Filmmakers have long been fascinated with towering structures. Initially these buildings provided platforms for slapstick capers, exemplifying early capitalist values, upward mobility and masculinity. (Harold Lloyd dangling from a skyscraper clock in Safety Last! remains one of the most iconic images from cinema’s silent era.) Skyscrapers quickly evolved into more expressionistic spaces where social anxieties and injustices could be examined. Eventually they began to provoke all kinds of questions and emotions; their isolated communities and labyrinthine interiors facilitating more nuanced explorations of various social issues.

The tower block in Ben Wheatley’s High-Rise serves a similar function. Adapted from JG Ballard’s seminal novel of the same name, it depicts an ultra-modern Brutalist apartment building erected on unstable foundations, an allegory of the class inequality and civil disobedience of ’70s Britain. To celebrate the film’s release, here are five other symbolic cinematic structures.

The Cabinet of Dr Caligari (1920)

Although Robert Wiene’s The Cabinet of Dr Caligari doesn’t feature a definite high-rise, the bizarre buildings of its deranged world are simply too visually inventive and influential to ignore. The film follows Holstenwall resident Francis (Friedrich Feher), whose town is visited by a mysterious hypnotist along with his murderous somnambulist. The town is packed with twisted, angular buildings and jagged, tilted rooftops which seem to defy the laws of physics.
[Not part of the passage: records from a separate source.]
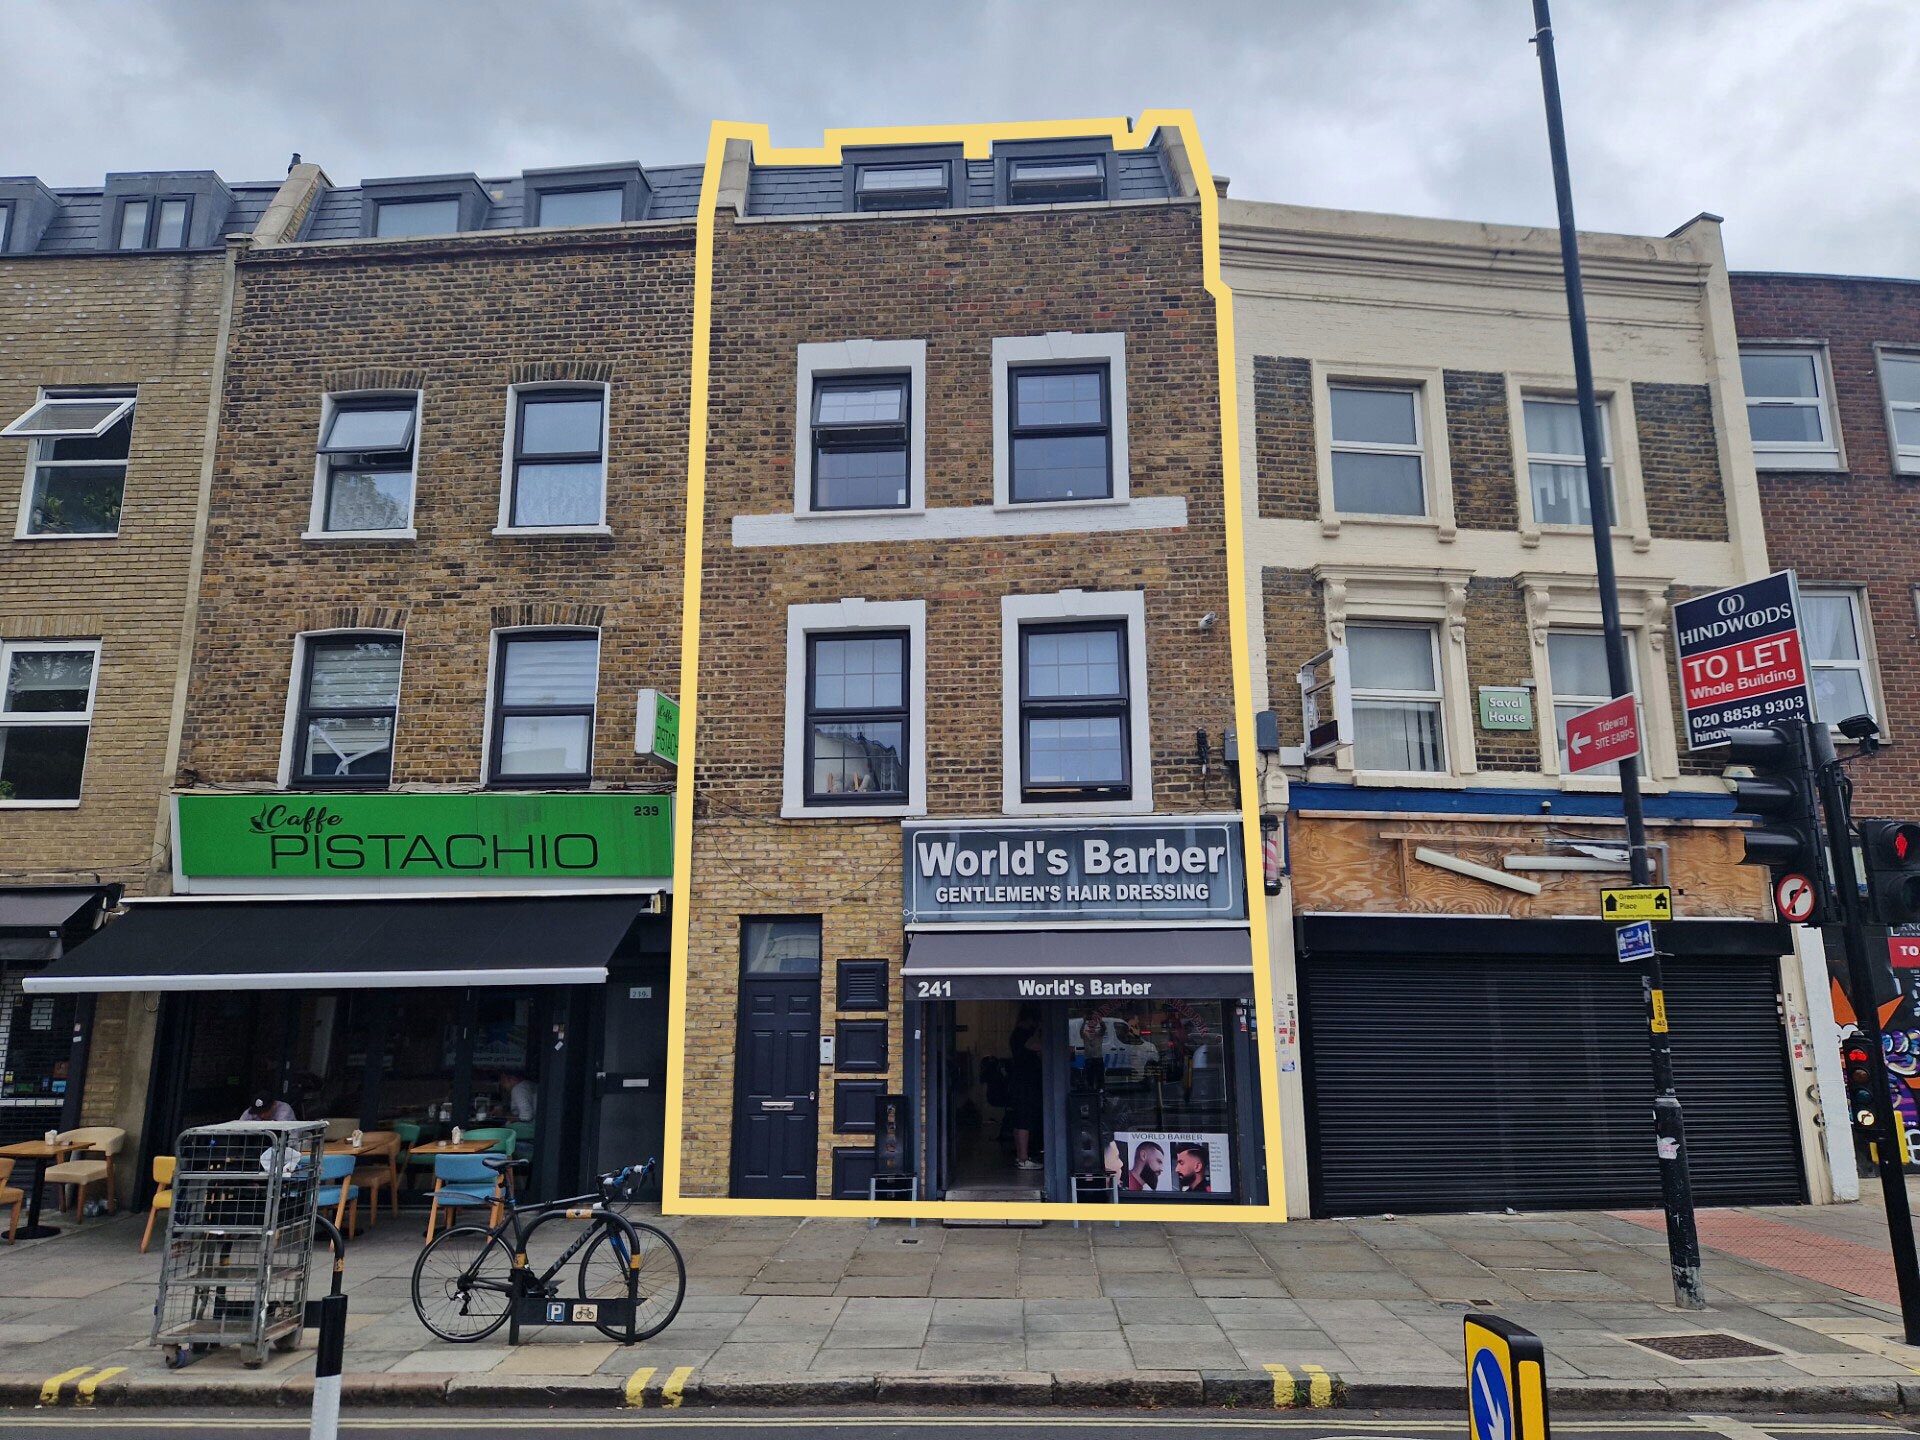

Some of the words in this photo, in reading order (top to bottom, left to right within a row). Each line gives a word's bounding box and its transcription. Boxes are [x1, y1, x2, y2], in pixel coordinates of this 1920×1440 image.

[1680, 603, 1792, 646] HINDWOODS
[1687, 655, 1728, 683] TO
[1736, 637, 1791, 673] LET
[1690, 682, 1735, 700] Whole
[1737, 668, 1797, 691] Building
[1489, 697, 1522, 708] Saval
[1488, 711, 1526, 722] House
[1692, 712, 1720, 729] 020
[1723, 705, 1762, 723] 8858
[1765, 695, 1805, 715] 9303
[1597, 715, 1628, 733] Tideway
[1595, 736, 1610, 750] SITE
[266, 805, 343, 834] Caffe
[634, 806, 659, 816] 239
[270, 834, 598, 869] PISTACHIO
[918, 840, 1069, 877] World's
[1083, 839, 1225, 875] Barber
[935, 885, 1061, 903] GENTLEMEN'S
[1067, 885, 1111, 901] HAIR
[1116, 883, 1209, 900] DRESSING
[1899, 945, 1919, 956] TO
[918, 980, 951, 997] 241
[1018, 980, 1085, 996] World's
[1090, 979, 1152, 996] Barber
[551, 1304, 562, 1320] P
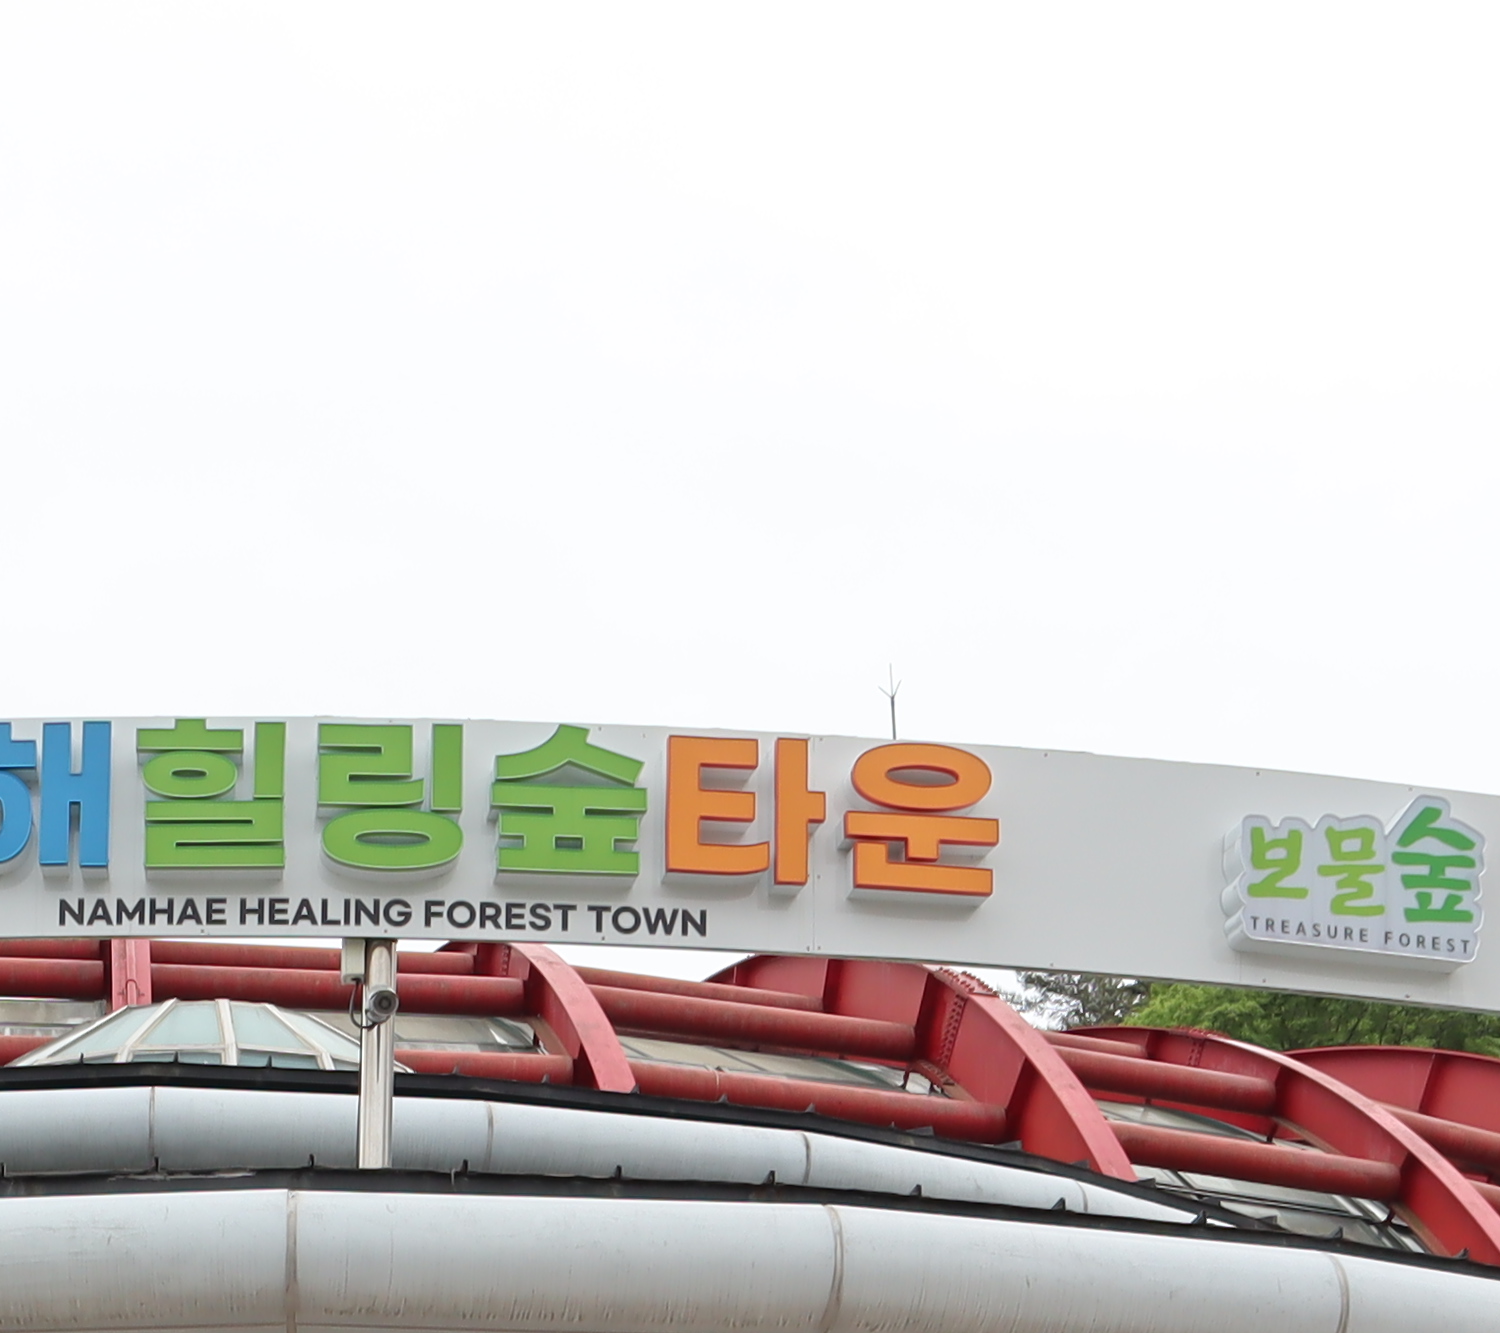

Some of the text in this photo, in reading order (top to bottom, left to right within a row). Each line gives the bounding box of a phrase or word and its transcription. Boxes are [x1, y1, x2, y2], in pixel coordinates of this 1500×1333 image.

[1247, 803, 1474, 926] 보물숲
[58, 897, 708, 940] NAMHAE HEALING FOREST TOWN
[1250, 916, 1472, 955] TREASURE FOREST
This warped architecture externalises Francis confusion, anxiety and horror while also symbolising German’s political and economical instability after World War One.

 

Metropolis (1927)

Set within the fictional city of Metropolis, the New Tower of Babel is one of the most striking skyscrapers in cinematic history. Joh Fredersen (Alfred Abel), the city’s master, occupies the top level of this pristine structure while underground workers are enslaved in machine rooms, providing power to the rest of the city. Legend has it that Fritz Lang’s inspiration for Metropolis came on a visit to New York City, yet the skyscraper’s appearance is a perfect mismatch of modernist Art Deco and archaic Gothic sensibilities, encapsulating the contradictions hidden behind the tower’s glossy surface. Metropolis was the first film to establish the skyscraper as a symbol of class segregation, its oppressive skyline reflecting Germany’s rapid industrialisation under the Weimar Republic.

 

Shivers (1975)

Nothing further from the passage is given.